* [Task goal] Start to finish, return the listing below exactly, pictures excluded.

* [Records supplied]
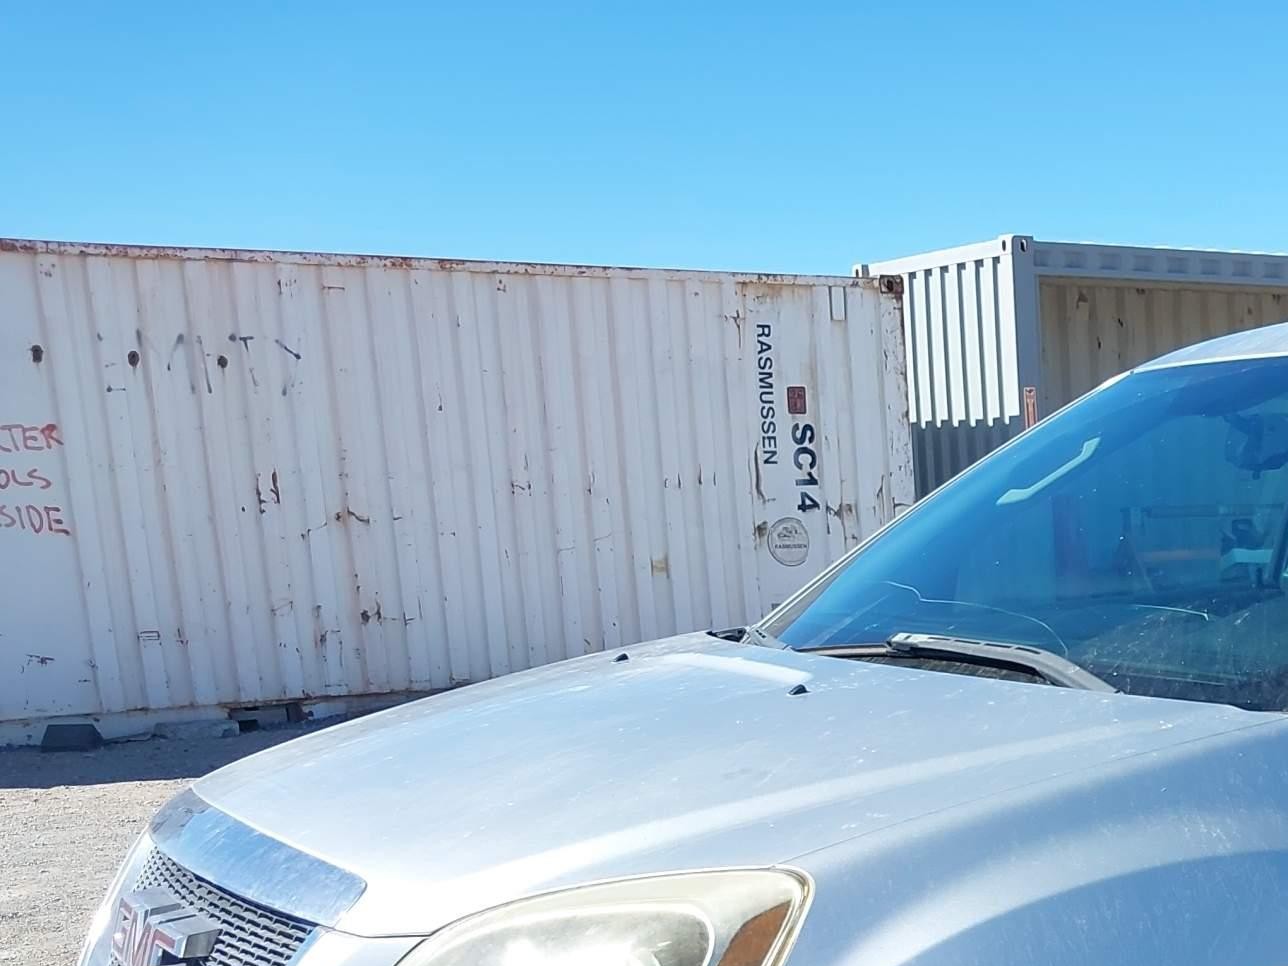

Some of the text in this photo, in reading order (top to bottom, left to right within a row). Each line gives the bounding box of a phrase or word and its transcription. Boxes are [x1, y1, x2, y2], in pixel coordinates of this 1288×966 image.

[0, 423, 64, 453] TER
[756, 324, 778, 465] RASMUSSEN
[791, 422, 821, 513] SC14
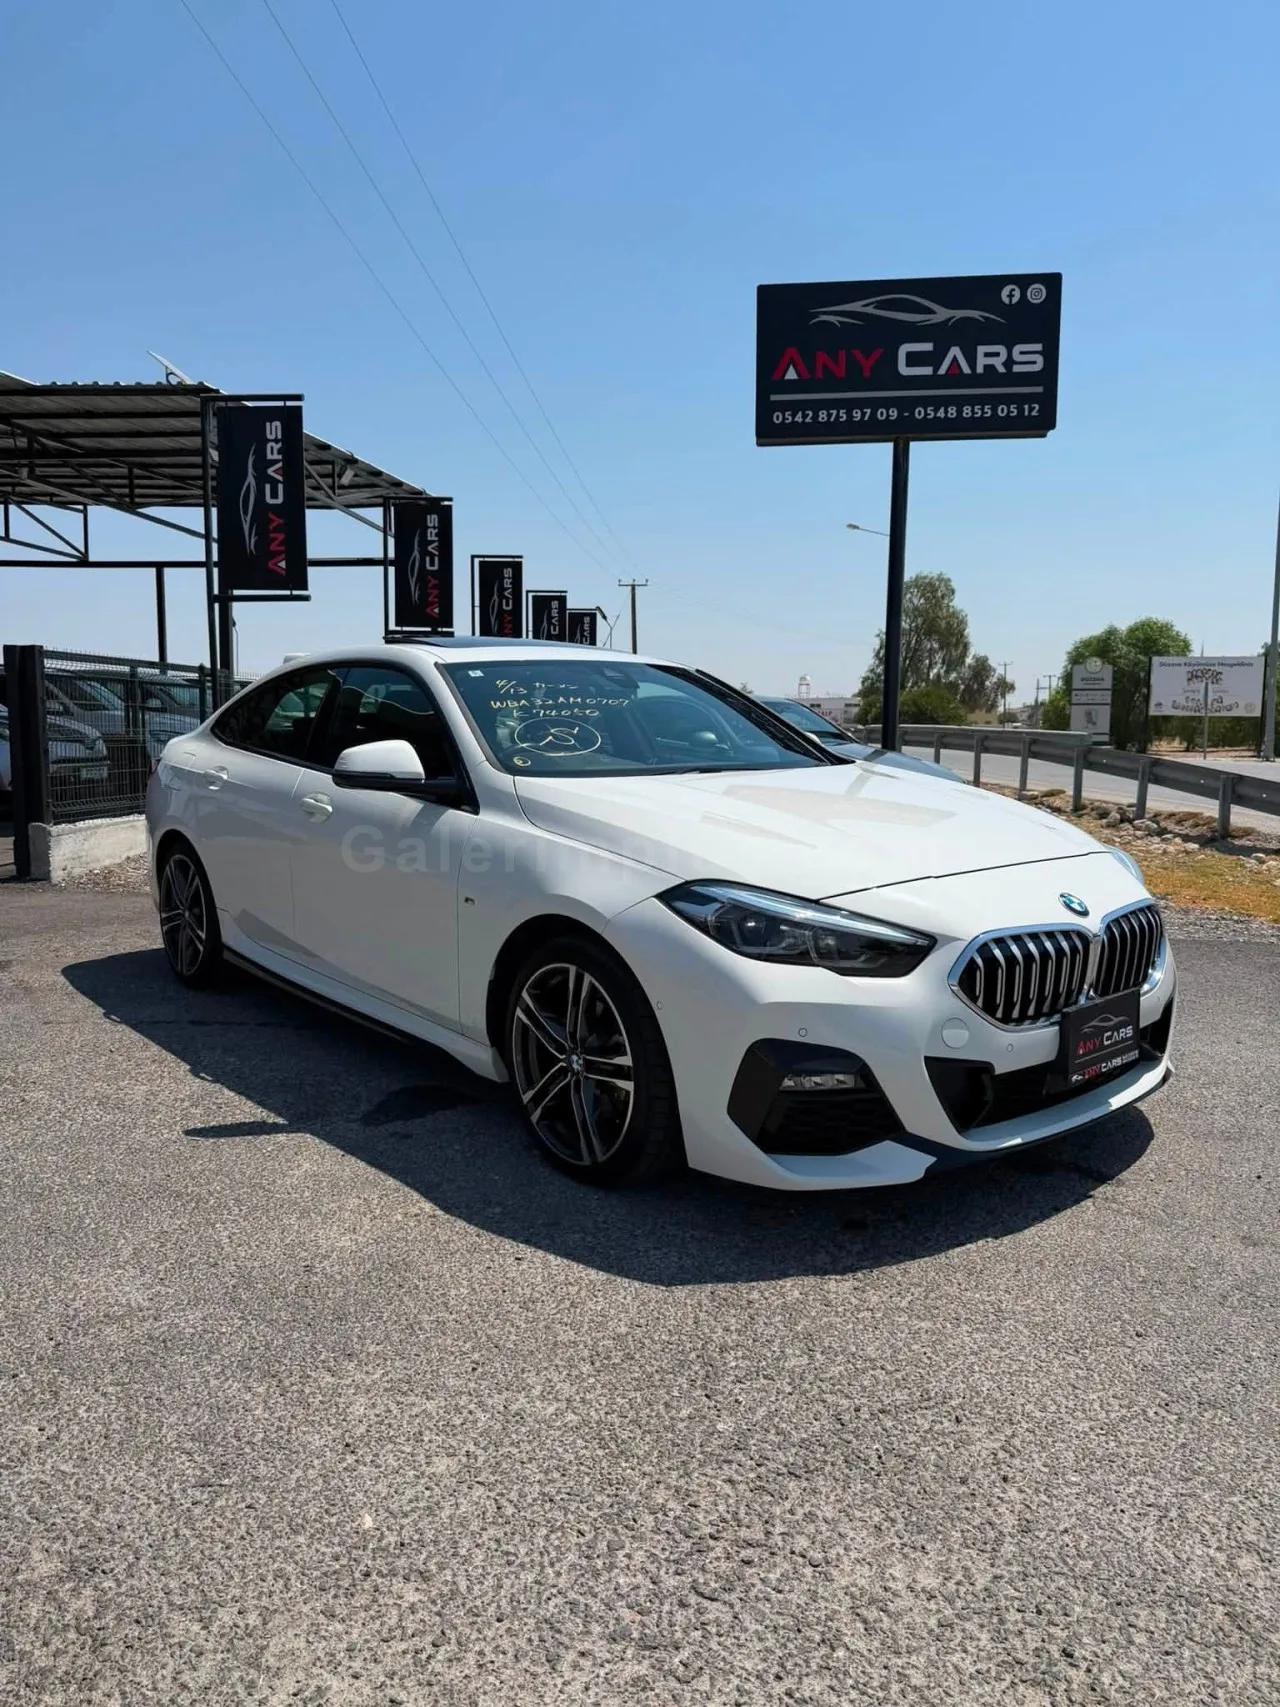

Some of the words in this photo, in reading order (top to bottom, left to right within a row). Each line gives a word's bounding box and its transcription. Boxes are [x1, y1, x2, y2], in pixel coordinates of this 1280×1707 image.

[771, 347, 884, 380] ANY
[898, 343, 1044, 376] CARS
[773, 411, 813, 424] 0542
[818, 409, 847, 422] 875
[852, 408, 871, 421] 97
[876, 407, 898, 420] 09
[914, 406, 957, 419] 0548
[962, 405, 992, 418] 855
[997, 404, 1018, 417] 05
[1024, 403, 1040, 416] 12
[265, 421, 283, 504] CARS
[268, 512, 287, 576] ANY
[425, 514, 439, 571] CARS
[425, 576, 440, 619] ANY
[502, 567, 513, 610] CARS
[550, 600, 559, 635] CARS
[1075, 1037, 1101, 1055] ANY
[1103, 1025, 1133, 1046] CARS

* [Solution to this problem]
Some of the text in this photo, in reading order (top to bottom, left to right within a row). Each line gives the bounding box of a phrase or word and its transcription. Boxes are [x1, y1, x2, y2], in pixel coordinates of this 1288×966 image.

[0, 423, 64, 453] TER
[756, 324, 778, 465] RASMUSSEN
[791, 422, 821, 513] SC14

Some of the words in this photo, in reading order (top to bottom, left to right within a row). Each line gives a word's bounding box and its transcription. Boxes are [x1, y1, x2, y2], in pixel coordinates of this 1280×1707 image.

[771, 347, 884, 380] ANY
[898, 343, 1044, 376] CARS
[773, 411, 813, 424] 0542
[818, 409, 847, 422] 875
[852, 408, 871, 421] 97
[876, 407, 898, 420] 09
[914, 406, 957, 419] 0548
[962, 405, 992, 418] 855
[997, 404, 1018, 417] 05
[1024, 403, 1040, 416] 12
[265, 421, 283, 504] CARS
[268, 512, 287, 576] ANY
[425, 514, 439, 571] CARS
[425, 576, 440, 619] ANY
[502, 567, 513, 610] CARS
[550, 600, 559, 635] CARS
[1075, 1037, 1101, 1055] ANY
[1103, 1025, 1133, 1046] CARS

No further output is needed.